--- ASSIGNED TASK ---
The full data, repeated exactly, is the only answer needed.

── ENTRIES SHOWN ──

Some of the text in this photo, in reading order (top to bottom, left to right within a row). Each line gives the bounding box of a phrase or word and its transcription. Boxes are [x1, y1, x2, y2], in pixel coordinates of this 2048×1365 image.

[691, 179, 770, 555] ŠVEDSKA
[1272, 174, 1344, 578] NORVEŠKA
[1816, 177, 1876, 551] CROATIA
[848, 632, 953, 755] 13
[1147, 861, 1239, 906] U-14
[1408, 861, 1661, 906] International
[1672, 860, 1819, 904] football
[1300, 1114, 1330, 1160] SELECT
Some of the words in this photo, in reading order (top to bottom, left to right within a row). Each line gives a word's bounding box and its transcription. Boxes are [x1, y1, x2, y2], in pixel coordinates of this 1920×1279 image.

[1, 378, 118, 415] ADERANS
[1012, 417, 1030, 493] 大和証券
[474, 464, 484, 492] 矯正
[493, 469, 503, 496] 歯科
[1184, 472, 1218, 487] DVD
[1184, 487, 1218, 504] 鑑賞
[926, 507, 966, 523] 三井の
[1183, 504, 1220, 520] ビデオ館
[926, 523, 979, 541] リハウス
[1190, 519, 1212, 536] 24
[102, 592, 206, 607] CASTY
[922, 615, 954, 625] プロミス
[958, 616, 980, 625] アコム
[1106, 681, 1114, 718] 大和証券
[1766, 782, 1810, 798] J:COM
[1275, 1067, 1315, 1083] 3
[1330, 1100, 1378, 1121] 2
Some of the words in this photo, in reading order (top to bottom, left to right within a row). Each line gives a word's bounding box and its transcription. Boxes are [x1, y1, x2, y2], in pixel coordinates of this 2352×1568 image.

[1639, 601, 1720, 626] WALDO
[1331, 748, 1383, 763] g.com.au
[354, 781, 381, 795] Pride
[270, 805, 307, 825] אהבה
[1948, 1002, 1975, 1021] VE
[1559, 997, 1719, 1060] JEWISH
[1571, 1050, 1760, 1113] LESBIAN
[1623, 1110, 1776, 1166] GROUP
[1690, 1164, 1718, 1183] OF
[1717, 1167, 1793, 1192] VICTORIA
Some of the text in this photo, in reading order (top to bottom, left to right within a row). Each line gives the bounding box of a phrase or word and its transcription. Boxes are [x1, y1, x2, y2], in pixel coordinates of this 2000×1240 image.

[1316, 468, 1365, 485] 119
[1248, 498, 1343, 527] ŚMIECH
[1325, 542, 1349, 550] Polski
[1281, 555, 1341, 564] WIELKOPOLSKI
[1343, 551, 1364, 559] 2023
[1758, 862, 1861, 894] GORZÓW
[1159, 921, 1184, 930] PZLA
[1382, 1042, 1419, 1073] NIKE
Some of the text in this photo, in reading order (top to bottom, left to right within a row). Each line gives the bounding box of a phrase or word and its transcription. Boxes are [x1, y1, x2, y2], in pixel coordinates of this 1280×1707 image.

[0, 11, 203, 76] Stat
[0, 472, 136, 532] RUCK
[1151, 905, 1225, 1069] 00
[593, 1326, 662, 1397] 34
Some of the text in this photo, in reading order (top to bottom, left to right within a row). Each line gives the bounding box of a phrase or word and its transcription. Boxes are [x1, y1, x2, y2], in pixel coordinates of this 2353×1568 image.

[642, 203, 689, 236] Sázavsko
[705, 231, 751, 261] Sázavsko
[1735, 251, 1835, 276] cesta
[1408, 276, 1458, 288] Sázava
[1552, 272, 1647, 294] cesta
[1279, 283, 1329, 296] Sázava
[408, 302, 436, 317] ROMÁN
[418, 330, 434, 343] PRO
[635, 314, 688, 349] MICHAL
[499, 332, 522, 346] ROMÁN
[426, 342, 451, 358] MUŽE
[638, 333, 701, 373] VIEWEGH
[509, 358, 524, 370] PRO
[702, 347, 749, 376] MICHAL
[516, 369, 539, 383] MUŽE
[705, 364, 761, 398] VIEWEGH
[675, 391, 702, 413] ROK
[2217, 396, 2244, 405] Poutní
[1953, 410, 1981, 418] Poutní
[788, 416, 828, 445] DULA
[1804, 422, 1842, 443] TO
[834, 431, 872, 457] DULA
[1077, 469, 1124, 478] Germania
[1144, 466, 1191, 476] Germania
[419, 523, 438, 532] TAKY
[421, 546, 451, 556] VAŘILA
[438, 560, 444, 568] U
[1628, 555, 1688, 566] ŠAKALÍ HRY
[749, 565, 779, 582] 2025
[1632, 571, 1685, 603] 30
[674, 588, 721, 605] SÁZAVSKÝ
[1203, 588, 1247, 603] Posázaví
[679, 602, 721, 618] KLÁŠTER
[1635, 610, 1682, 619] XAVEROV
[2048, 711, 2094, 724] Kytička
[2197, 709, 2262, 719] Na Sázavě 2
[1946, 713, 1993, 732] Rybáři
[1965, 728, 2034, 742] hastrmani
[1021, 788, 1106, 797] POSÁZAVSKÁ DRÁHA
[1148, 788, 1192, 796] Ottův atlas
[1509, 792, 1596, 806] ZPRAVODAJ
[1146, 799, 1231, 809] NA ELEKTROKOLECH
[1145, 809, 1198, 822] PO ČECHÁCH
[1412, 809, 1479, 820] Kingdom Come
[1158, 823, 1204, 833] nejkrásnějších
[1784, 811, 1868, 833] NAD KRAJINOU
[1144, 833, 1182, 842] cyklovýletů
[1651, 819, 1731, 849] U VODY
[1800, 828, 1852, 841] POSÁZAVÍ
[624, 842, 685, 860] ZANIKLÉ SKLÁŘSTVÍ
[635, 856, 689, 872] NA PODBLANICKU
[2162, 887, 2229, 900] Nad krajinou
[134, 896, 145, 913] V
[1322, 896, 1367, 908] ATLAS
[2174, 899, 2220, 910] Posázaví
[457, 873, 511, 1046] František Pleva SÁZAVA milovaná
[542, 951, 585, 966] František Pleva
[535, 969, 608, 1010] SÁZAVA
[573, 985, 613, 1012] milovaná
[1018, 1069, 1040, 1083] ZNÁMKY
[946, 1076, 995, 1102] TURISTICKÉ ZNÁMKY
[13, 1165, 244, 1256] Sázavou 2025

───

--- YOUR RESPONSE ---
Some of the text in this photo, in reading order (top to bottom, left to right within a row). Each line gives the bounding box of a phrase or word and its transcription. Boxes are [x1, y1, x2, y2], in pixel coordinates of this 2048×1365 image.

[691, 179, 770, 555] ŠVEDSKA
[1272, 174, 1344, 578] NORVEŠKA
[1816, 177, 1876, 551] CROATIA
[848, 632, 953, 755] 13
[1147, 861, 1239, 906] U-14
[1408, 861, 1661, 906] International
[1672, 860, 1819, 904] football
[1300, 1114, 1330, 1160] SELECT
Some of the words in this photo, in reading order (top to bottom, left to right within a row). Each line gives a word's bounding box and its transcription. Boxes are [x1, y1, x2, y2], in pixel coordinates of this 1920×1279 image.

[1, 378, 118, 415] ADERANS
[1012, 417, 1030, 493] 大和証券
[474, 464, 484, 492] 矯正
[493, 469, 503, 496] 歯科
[1184, 472, 1218, 487] DVD
[1184, 487, 1218, 504] 鑑賞
[926, 507, 966, 523] 三井の
[1183, 504, 1220, 520] ビデオ館
[926, 523, 979, 541] リハウス
[1190, 519, 1212, 536] 24
[102, 592, 206, 607] CASTY
[922, 615, 954, 625] プロミス
[958, 616, 980, 625] アコム
[1106, 681, 1114, 718] 大和証券
[1766, 782, 1810, 798] J:COM
[1275, 1067, 1315, 1083] 3
[1330, 1100, 1378, 1121] 2
Some of the words in this photo, in reading order (top to bottom, left to right within a row). Each line gives a word's bounding box and its transcription. Boxes are [x1, y1, x2, y2], in pixel coordinates of this 2352×1568 image.

[1639, 601, 1720, 626] WALDO
[1331, 748, 1383, 763] g.com.au
[354, 781, 381, 795] Pride
[270, 805, 307, 825] אהבה
[1948, 1002, 1975, 1021] VE
[1559, 997, 1719, 1060] JEWISH
[1571, 1050, 1760, 1113] LESBIAN
[1623, 1110, 1776, 1166] GROUP
[1690, 1164, 1718, 1183] OF
[1717, 1167, 1793, 1192] VICTORIA
Some of the text in this photo, in reading order (top to bottom, left to right within a row). Each line gives the bounding box of a phrase or word and its transcription. Boxes are [x1, y1, x2, y2], in pixel coordinates of this 2000×1240 image.

[1316, 468, 1365, 485] 119
[1248, 498, 1343, 527] ŚMIECH
[1325, 542, 1349, 550] Polski
[1281, 555, 1341, 564] WIELKOPOLSKI
[1343, 551, 1364, 559] 2023
[1758, 862, 1861, 894] GORZÓW
[1159, 921, 1184, 930] PZLA
[1382, 1042, 1419, 1073] NIKE
Some of the text in this photo, in reading order (top to bottom, left to right within a row). Each line gives the bounding box of a phrase or word and its transcription. Boxes are [x1, y1, x2, y2], in pixel coordinates of this 1280×1707 image.

[0, 11, 203, 76] Stat
[0, 472, 136, 532] RUCK
[1151, 905, 1225, 1069] 00
[593, 1326, 662, 1397] 34
Some of the text in this photo, in reading order (top to bottom, left to right within a row). Each line gives the bounding box of a phrase or word and its transcription. Boxes are [x1, y1, x2, y2], in pixel coordinates of this 2353×1568 image.

[642, 203, 689, 236] Sázavsko
[705, 231, 751, 261] Sázavsko
[1735, 251, 1835, 276] cesta
[1408, 276, 1458, 288] Sázava
[1552, 272, 1647, 294] cesta
[1279, 283, 1329, 296] Sázava
[408, 302, 436, 317] ROMÁN
[418, 330, 434, 343] PRO
[635, 314, 688, 349] MICHAL
[499, 332, 522, 346] ROMÁN
[426, 342, 451, 358] MUŽE
[638, 333, 701, 373] VIEWEGH
[509, 358, 524, 370] PRO
[702, 347, 749, 376] MICHAL
[516, 369, 539, 383] MUŽE
[705, 364, 761, 398] VIEWEGH
[675, 391, 702, 413] ROK
[2217, 396, 2244, 405] Poutní
[1953, 410, 1981, 418] Poutní
[788, 416, 828, 445] DULA
[1804, 422, 1842, 443] TO
[834, 431, 872, 457] DULA
[1077, 469, 1124, 478] Germania
[1144, 466, 1191, 476] Germania
[419, 523, 438, 532] TAKY
[421, 546, 451, 556] VAŘILA
[438, 560, 444, 568] U
[1628, 555, 1688, 566] ŠAKALÍ HRY
[749, 565, 779, 582] 2025
[1632, 571, 1685, 603] 30
[674, 588, 721, 605] SÁZAVSKÝ
[1203, 588, 1247, 603] Posázaví
[679, 602, 721, 618] KLÁŠTER
[1635, 610, 1682, 619] XAVEROV
[2048, 711, 2094, 724] Kytička
[2197, 709, 2262, 719] Na Sázavě 2
[1946, 713, 1993, 732] Rybáři
[1965, 728, 2034, 742] hastrmani
[1021, 788, 1106, 797] POSÁZAVSKÁ DRÁHA
[1148, 788, 1192, 796] Ottův atlas
[1509, 792, 1596, 806] ZPRAVODAJ
[1146, 799, 1231, 809] NA ELEKTROKOLECH
[1145, 809, 1198, 822] PO ČECHÁCH
[1412, 809, 1479, 820] Kingdom Come
[1158, 823, 1204, 833] nejkrásnějších
[1784, 811, 1868, 833] NAD KRAJINOU
[1144, 833, 1182, 842] cyklovýletů
[1651, 819, 1731, 849] U VODY
[1800, 828, 1852, 841] POSÁZAVÍ
[624, 842, 685, 860] ZANIKLÉ SKLÁŘSTVÍ
[635, 856, 689, 872] NA PODBLANICKU
[2162, 887, 2229, 900] Nad krajinou
[134, 896, 145, 913] V
[1322, 896, 1367, 908] ATLAS
[2174, 899, 2220, 910] Posázaví
[457, 873, 511, 1046] František Pleva SÁZAVA milovaná
[542, 951, 585, 966] František Pleva
[535, 969, 608, 1010] SÁZAVA
[573, 985, 613, 1012] milovaná
[1018, 1069, 1040, 1083] ZNÁMKY
[946, 1076, 995, 1102] TURISTICKÉ ZNÁMKY
[13, 1165, 244, 1256] Sázavou 2025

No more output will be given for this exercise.